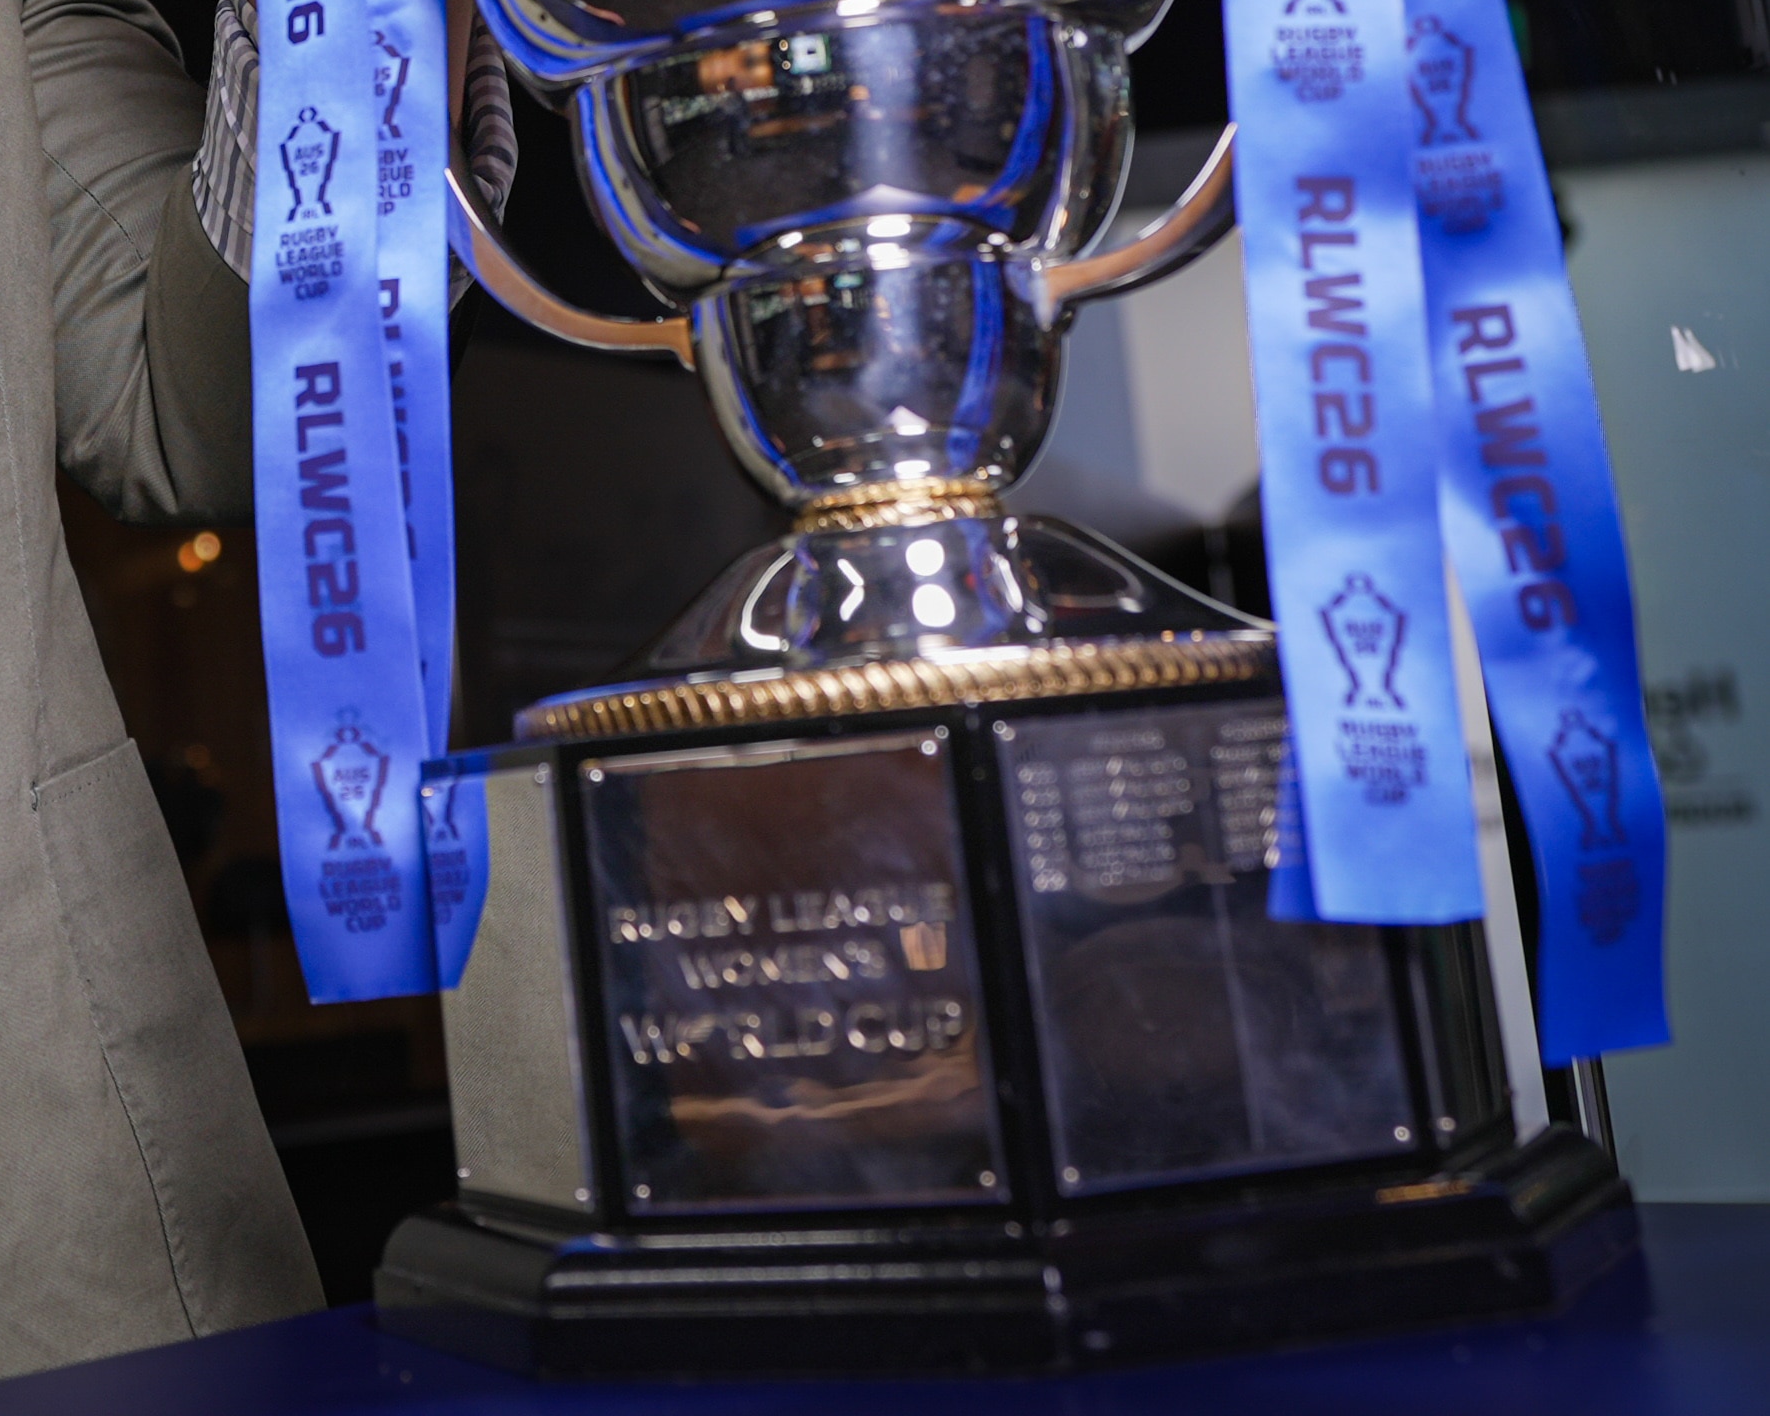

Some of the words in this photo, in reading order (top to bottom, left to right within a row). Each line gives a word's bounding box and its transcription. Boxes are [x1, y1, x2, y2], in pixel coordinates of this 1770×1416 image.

[280, 224, 339, 247] RUGBY
[275, 241, 344, 268] LEAGUE
[278, 260, 343, 285] WORLD
[294, 280, 329, 301] CUP
[1296, 176, 1379, 496] RLWC26
[1452, 304, 1578, 631] RLWC26
[295, 361, 366, 658] RLWC26
__________________________________________________
The records above need to be reproduced exactly, with all images omitted.

Some of the words in this photo, in reading order (top to bottom, left to right within a row). Each line gives a word's bounding box and its transcription. Boxes are [x1, y1, x2, y2], in pixel coordinates of this 1770×1416 image.

[280, 224, 339, 247] RUGBY
[275, 241, 344, 268] LEAGUE
[278, 260, 343, 285] WORLD
[294, 280, 329, 301] CUP
[1296, 176, 1379, 496] RLWC26
[1452, 304, 1578, 631] RLWC26
[295, 361, 366, 658] RLWC26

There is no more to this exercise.